Spatial localization data:
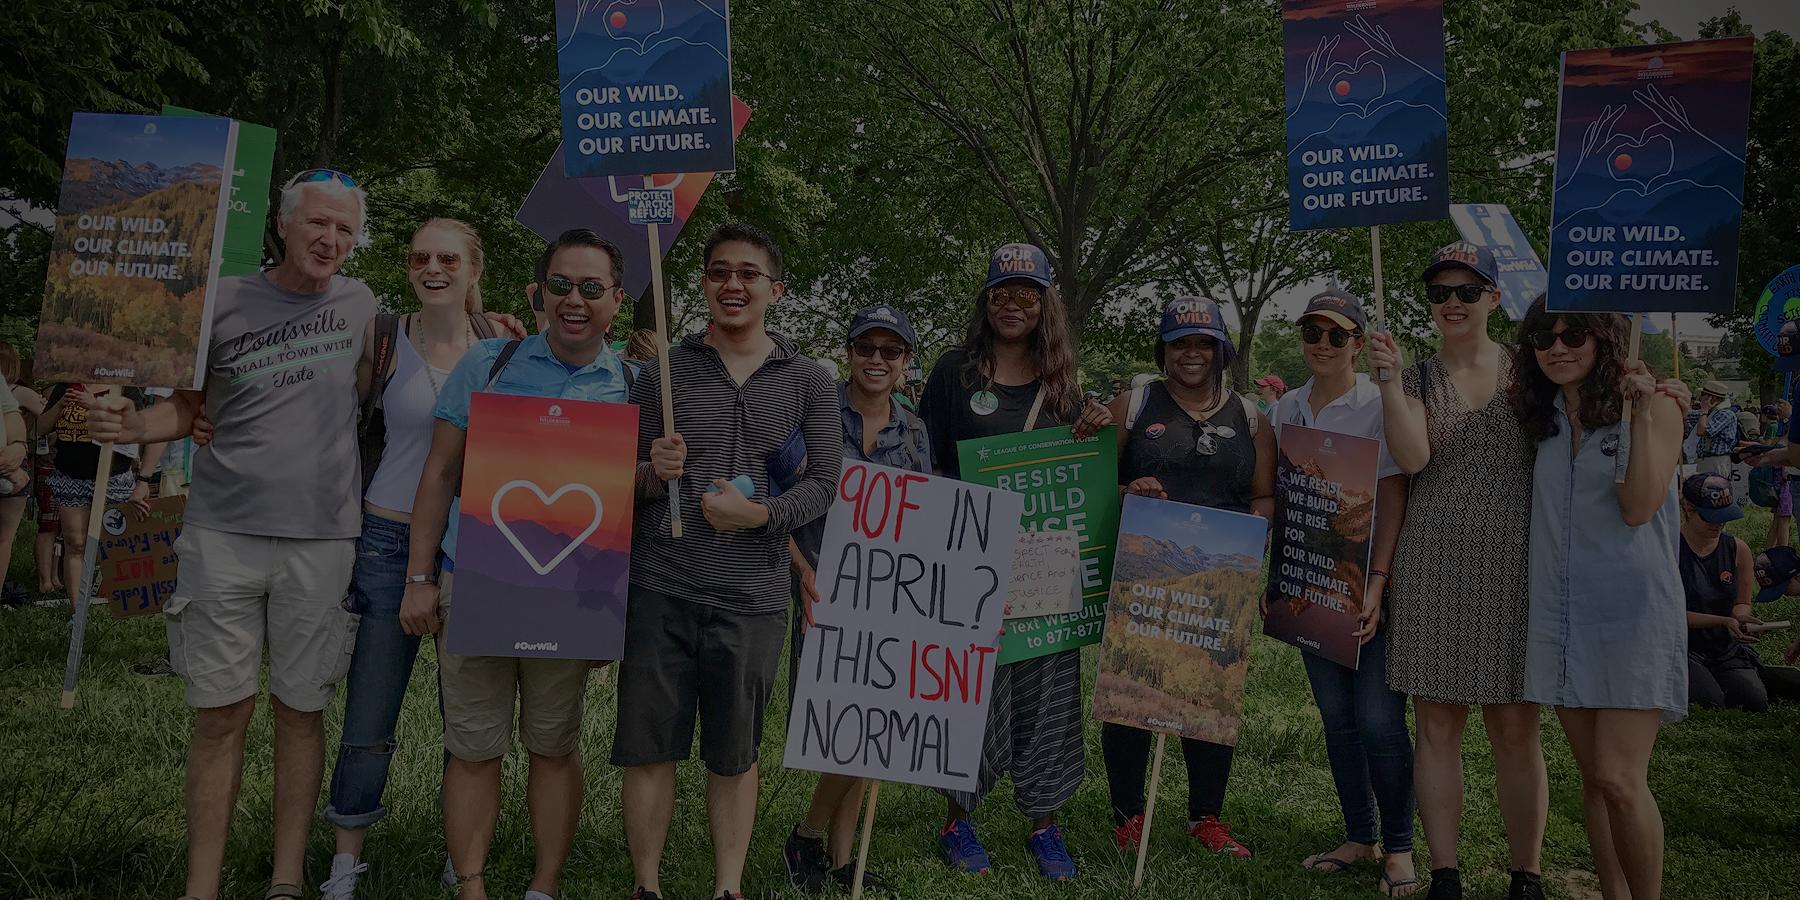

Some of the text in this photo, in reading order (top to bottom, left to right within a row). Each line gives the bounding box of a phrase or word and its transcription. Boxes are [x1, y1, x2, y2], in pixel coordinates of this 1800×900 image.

[576, 84, 684, 105] OUR WILD.
[577, 107, 716, 131] OUR CLIMATE.
[578, 132, 711, 155] OUR FUTURE.
[1301, 143, 1403, 166] OUR WILD.
[1302, 163, 1434, 188] OUR CLIMATE.
[629, 191, 671, 201] PROTECT
[638, 200, 672, 209] ARCTIC
[1303, 186, 1428, 210] OUR FUTURE.
[77, 215, 169, 234] OUR WILD.
[630, 208, 672, 219] REFUGE
[1568, 225, 1686, 243] OUR WILD.
[73, 237, 193, 258] OUR CLIMATE.
[1001, 248, 1033, 262] OUR
[1440, 251, 1479, 265] WILD
[1443, 242, 1478, 256] OUR
[1566, 249, 1720, 266] OUR CLIMATE.
[69, 259, 182, 281] OUR FUTURE.
[999, 260, 1035, 273] WILD
[1564, 273, 1710, 291] OUR FUTURE.
[1175, 312, 1212, 325] WILD
[1177, 302, 1209, 314] OUR
[228, 308, 348, 362] Louisville
[277, 345, 319, 363] TOWN
[323, 338, 353, 353] WITH
[93, 367, 136, 378] #OurWild
[272, 366, 315, 388] Taste
[993, 447, 1017, 456] LEAGUE
[1018, 444, 1027, 452] OF
[1029, 438, 1074, 450] CONSERVATION
[997, 463, 1082, 491] RESIST
[1289, 472, 1307, 487] WE
[1022, 487, 1086, 517] UILD
[1288, 490, 1340, 515] WE BUILD.
[946, 488, 991, 552] IN
[1286, 508, 1330, 531] WE RISE.
[1284, 526, 1306, 543] FOR
[1283, 545, 1337, 572] OUR WILD.
[830, 542, 998, 629] APRIL?
[1281, 563, 1353, 596] OUR CLIMATE.
[1132, 583, 1214, 610] OUR WILD.
[1280, 580, 1346, 613] OUR FUTURE.
[1009, 618, 1041, 634] Text
[1128, 601, 1234, 634] OUR CLIMATE.
[514, 641, 558, 651] #OurWild
[1027, 635, 1042, 649] to
[1125, 621, 1226, 652] OUR FUTURE.
[815, 623, 995, 705] THIS ISN'T
[802, 698, 969, 778] NORMAL
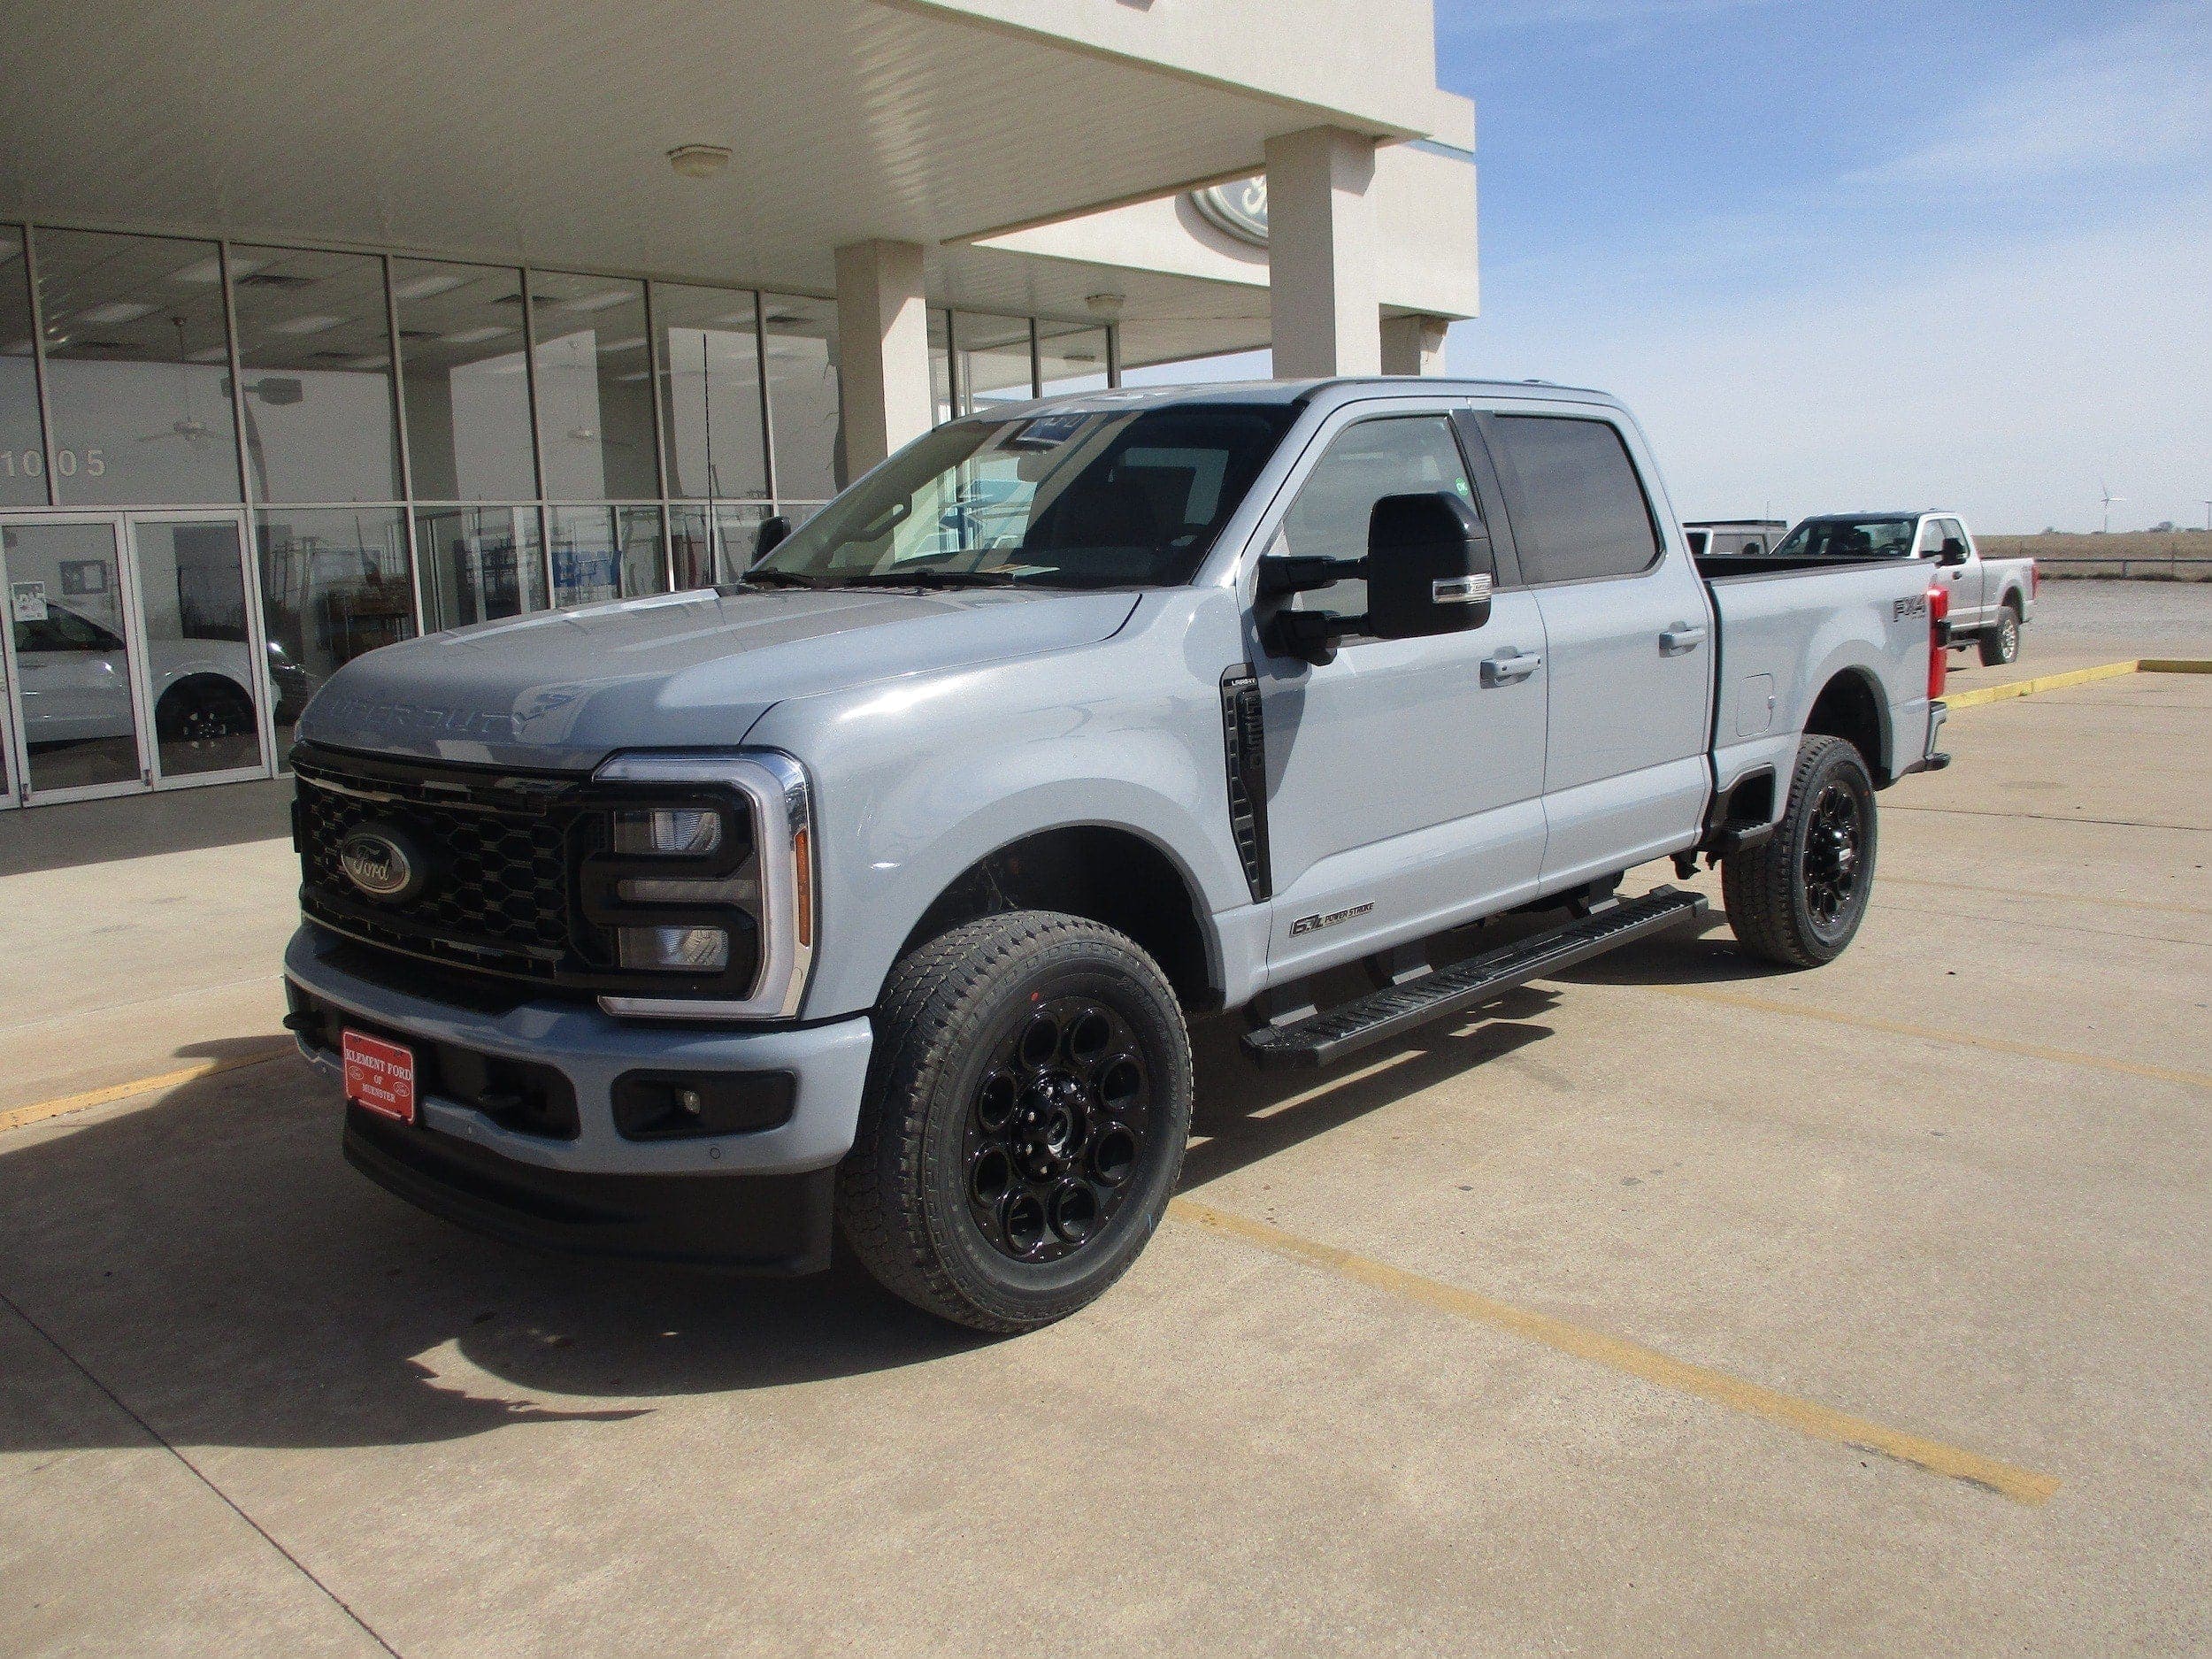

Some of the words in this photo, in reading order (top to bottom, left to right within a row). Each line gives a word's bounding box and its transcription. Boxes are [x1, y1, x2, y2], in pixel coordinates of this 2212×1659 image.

[0, 449, 105, 477] 1005
[1893, 595, 1926, 623] FX4
[353, 845, 390, 881] Ford
[1292, 913, 1324, 935] 6.7L
[1325, 910, 1348, 923] POWER
[1348, 902, 1374, 917] STROKE
[345, 1048, 385, 1072] KLEMENT
[387, 1063, 411, 1080] FORD
[373, 1074, 383, 1085] OF

* ACTION ITEM
Each line in the records above should be reproduced exactly; images are not copied.

* RESPONSE TO THIS TASK
Some of the text in this photo, in reading order (top to bottom, left to right within a row). Each line gives the bounding box of a phrase or word and its transcription. Boxes are [x1, y1, x2, y2], in pixel coordinates of this 1800×900 image.

[576, 84, 684, 105] OUR WILD.
[577, 107, 716, 131] OUR CLIMATE.
[578, 132, 711, 155] OUR FUTURE.
[1301, 143, 1403, 166] OUR WILD.
[1302, 163, 1434, 188] OUR CLIMATE.
[629, 191, 671, 201] PROTECT
[638, 200, 672, 209] ARCTIC
[1303, 186, 1428, 210] OUR FUTURE.
[77, 215, 169, 234] OUR WILD.
[630, 208, 672, 219] REFUGE
[1568, 225, 1686, 243] OUR WILD.
[73, 237, 193, 258] OUR CLIMATE.
[1001, 248, 1033, 262] OUR
[1440, 251, 1479, 265] WILD
[1443, 242, 1478, 256] OUR
[1566, 249, 1720, 266] OUR CLIMATE.
[69, 259, 182, 281] OUR FUTURE.
[999, 260, 1035, 273] WILD
[1564, 273, 1710, 291] OUR FUTURE.
[1175, 312, 1212, 325] WILD
[1177, 302, 1209, 314] OUR
[228, 308, 348, 362] Louisville
[277, 345, 319, 363] TOWN
[323, 338, 353, 353] WITH
[93, 367, 136, 378] #OurWild
[272, 366, 315, 388] Taste
[993, 447, 1017, 456] LEAGUE
[1018, 444, 1027, 452] OF
[1029, 438, 1074, 450] CONSERVATION
[997, 463, 1082, 491] RESIST
[1289, 472, 1307, 487] WE
[1022, 487, 1086, 517] UILD
[1288, 490, 1340, 515] WE BUILD.
[946, 488, 991, 552] IN
[1286, 508, 1330, 531] WE RISE.
[1284, 526, 1306, 543] FOR
[1283, 545, 1337, 572] OUR WILD.
[830, 542, 998, 629] APRIL?
[1281, 563, 1353, 596] OUR CLIMATE.
[1132, 583, 1214, 610] OUR WILD.
[1280, 580, 1346, 613] OUR FUTURE.
[1009, 618, 1041, 634] Text
[1128, 601, 1234, 634] OUR CLIMATE.
[514, 641, 558, 651] #OurWild
[1027, 635, 1042, 649] to
[1125, 621, 1226, 652] OUR FUTURE.
[815, 623, 995, 705] THIS ISN'T
[802, 698, 969, 778] NORMAL

Some of the words in this photo, in reading order (top to bottom, left to right within a row). Each line gives a word's bounding box and its transcription. Boxes are [x1, y1, x2, y2], in pixel coordinates of this 2212×1659 image.

[0, 449, 105, 477] 1005
[1893, 595, 1926, 623] FX4
[353, 845, 390, 881] Ford
[1292, 913, 1324, 935] 6.7L
[1325, 910, 1348, 923] POWER
[1348, 902, 1374, 917] STROKE
[345, 1048, 385, 1072] KLEMENT
[387, 1063, 411, 1080] FORD
[373, 1074, 383, 1085] OF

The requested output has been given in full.